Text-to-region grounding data
#####
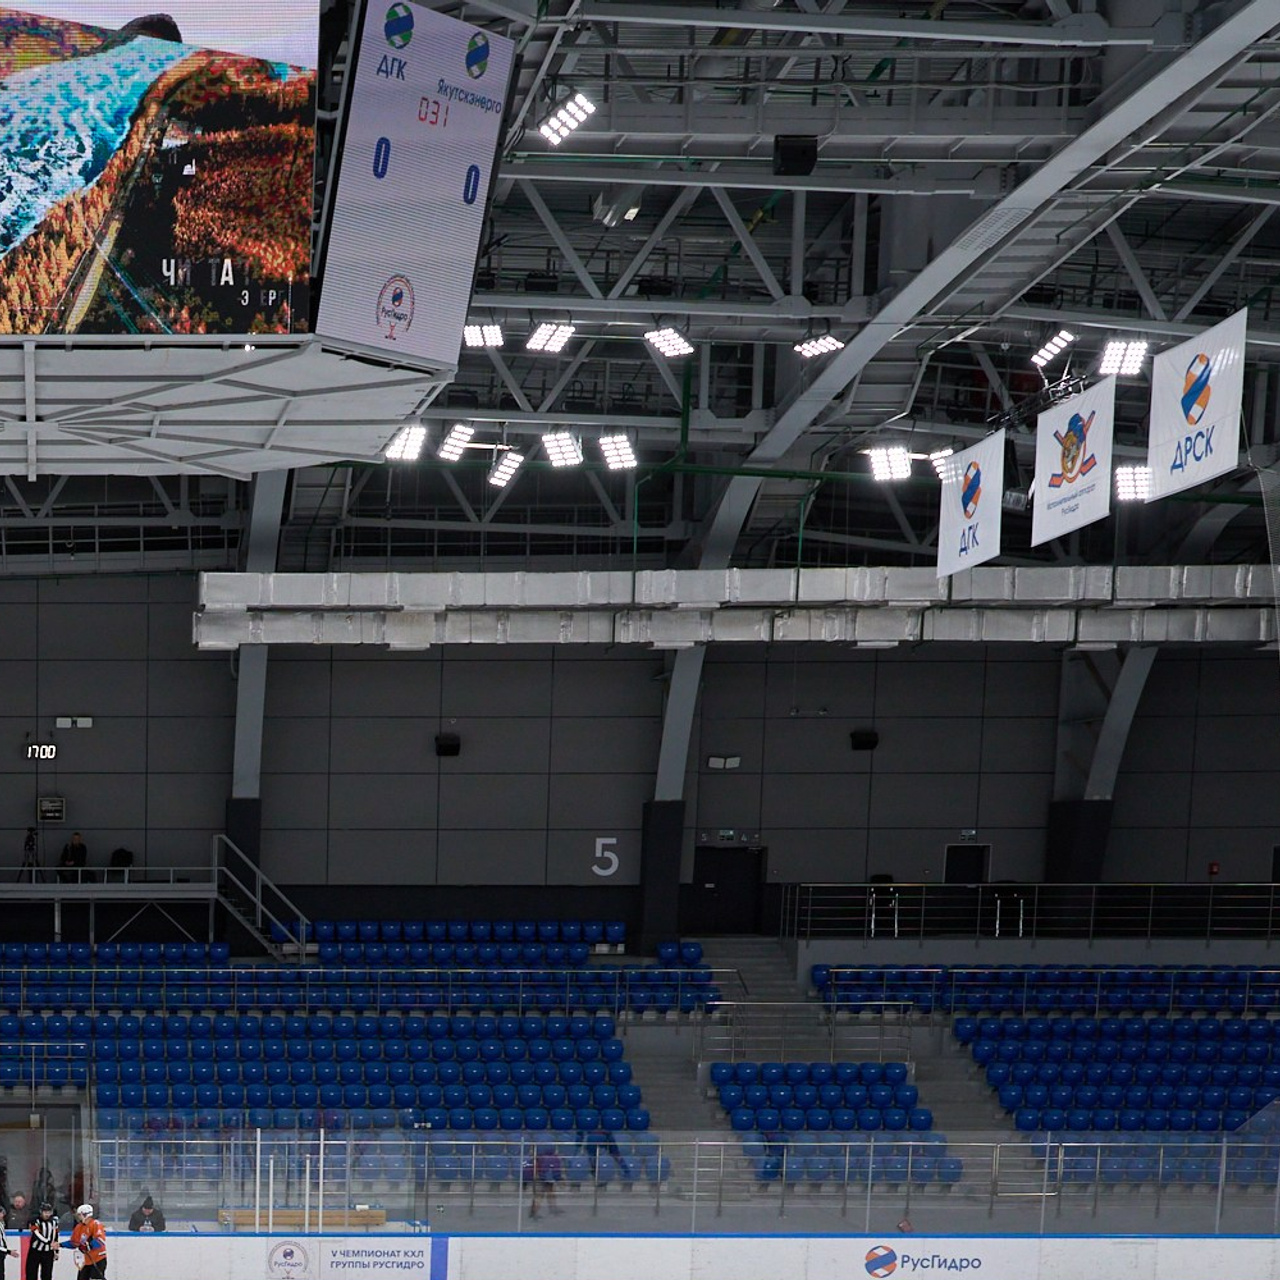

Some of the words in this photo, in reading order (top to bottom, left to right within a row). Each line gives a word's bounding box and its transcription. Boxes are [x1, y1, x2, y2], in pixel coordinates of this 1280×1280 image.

[376, 55, 408, 81] ДГК
[437, 79, 502, 114] Якутскэнерго
[372, 136, 391, 179] 0
[463, 164, 480, 205] 0
[1170, 425, 1215, 476] ДРСК
[958, 523, 980, 557] ДГК
[591, 837, 620, 876] 5
[330, 1261, 370, 1269] ГРУППЫ
[372, 1261, 425, 1270] РУСГИДРО
[340, 1250, 401, 1258] ЧЕМПИОНАТ
[403, 1250, 424, 1258] КХЛ
[901, 1255, 982, 1271] РусГидро
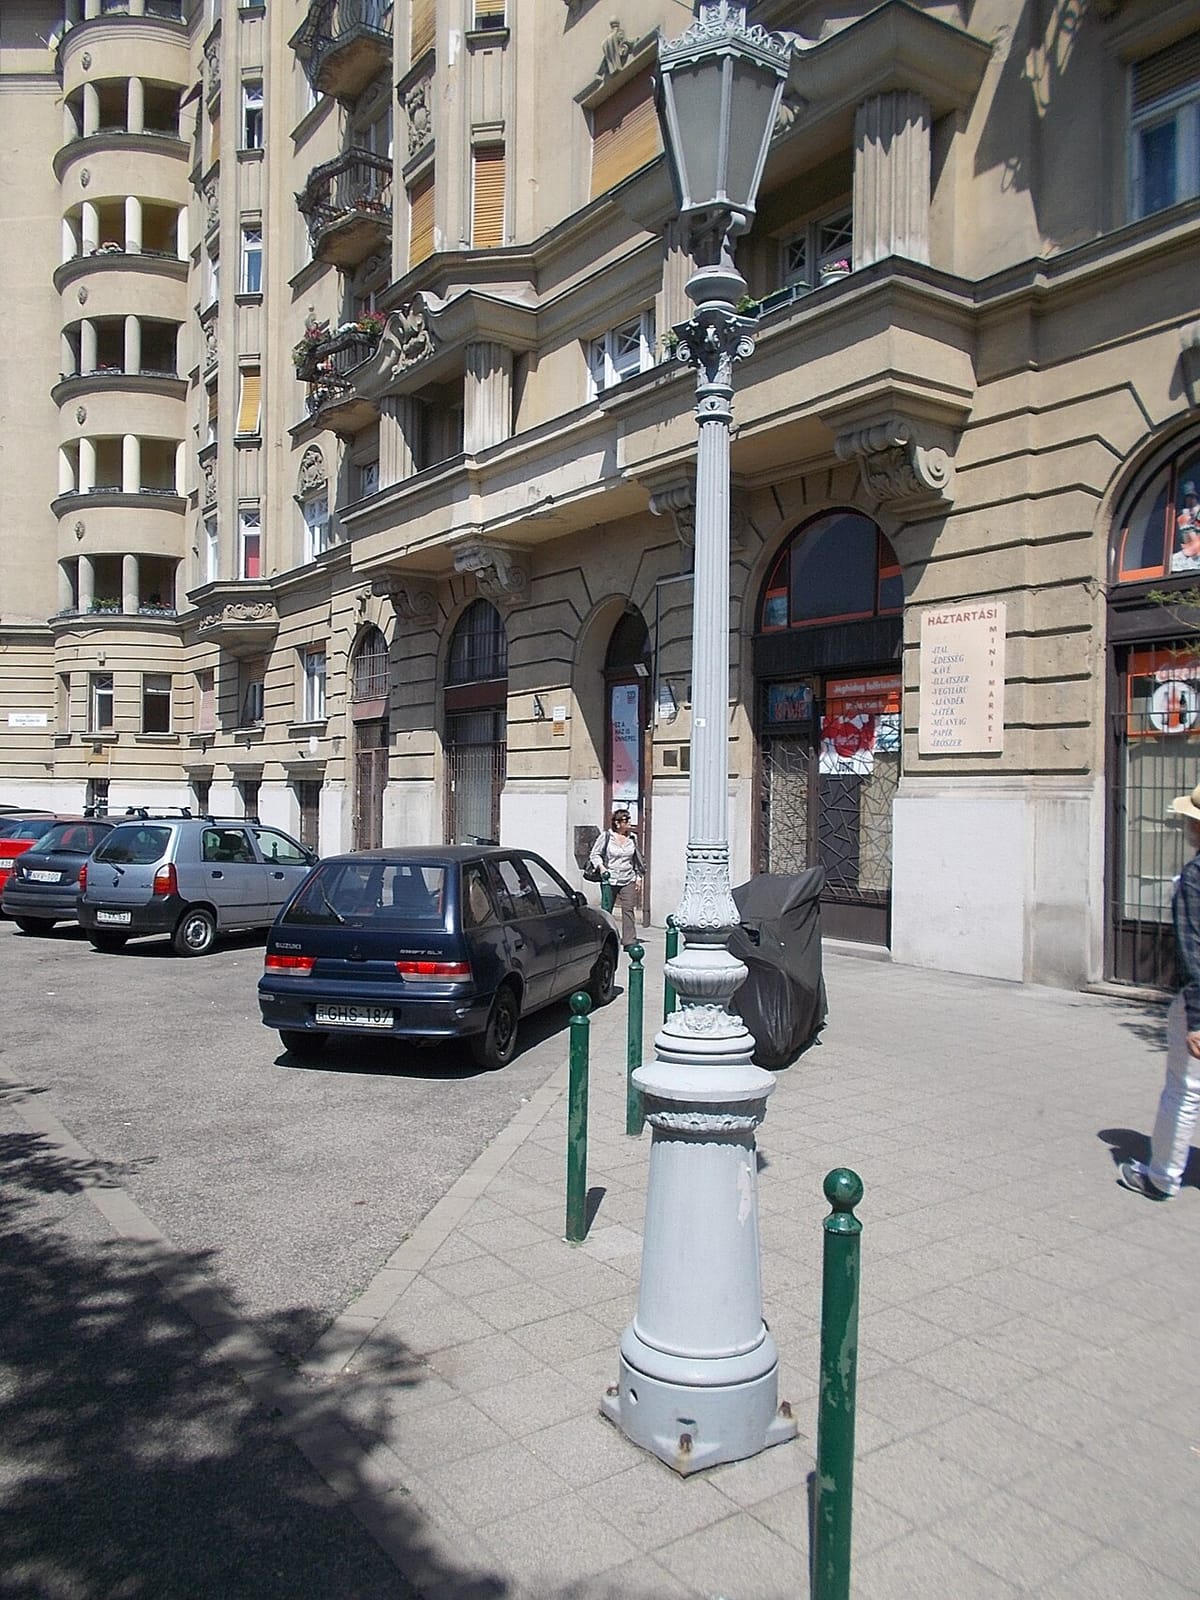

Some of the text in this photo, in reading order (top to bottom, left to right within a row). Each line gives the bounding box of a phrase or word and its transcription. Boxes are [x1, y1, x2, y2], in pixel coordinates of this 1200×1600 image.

[927, 608, 997, 626] HÁZTARTÁSI
[988, 625, 997, 667] MINI
[987, 679, 996, 744] MARKET
[328, 1006, 390, 1023] GHS-187
#####
• _What is being asked_: Copy every record exactly as written, leaving out the pictures.

• _Written reply_:
Some of the words in this photo, in reading order (top to bottom, left to right within a row). Each line gives a word's bounding box and its transcription. Boxes are [x1, y1, x2, y2], in pixel coordinates of this 1280×1280 image.

[376, 55, 408, 81] ДГК
[437, 79, 502, 114] Якутскэнерго
[372, 136, 391, 179] 0
[463, 164, 480, 205] 0
[1170, 425, 1215, 476] ДРСК
[958, 523, 980, 557] ДГК
[591, 837, 620, 876] 5
[330, 1261, 370, 1269] ГРУППЫ
[372, 1261, 425, 1270] РУСГИДРО
[340, 1250, 401, 1258] ЧЕМПИОНАТ
[403, 1250, 424, 1258] КХЛ
[901, 1255, 982, 1271] РусГидро

Some of the text in this photo, in reading order (top to bottom, left to right within a row). Each line gives the bounding box of a phrase or word and its transcription. Boxes are [x1, y1, x2, y2], in pixel coordinates of this 1200×1600 image.

[927, 608, 997, 626] HÁZTARTÁSI
[988, 625, 997, 667] MINI
[987, 679, 996, 744] MARKET
[328, 1006, 390, 1023] GHS-187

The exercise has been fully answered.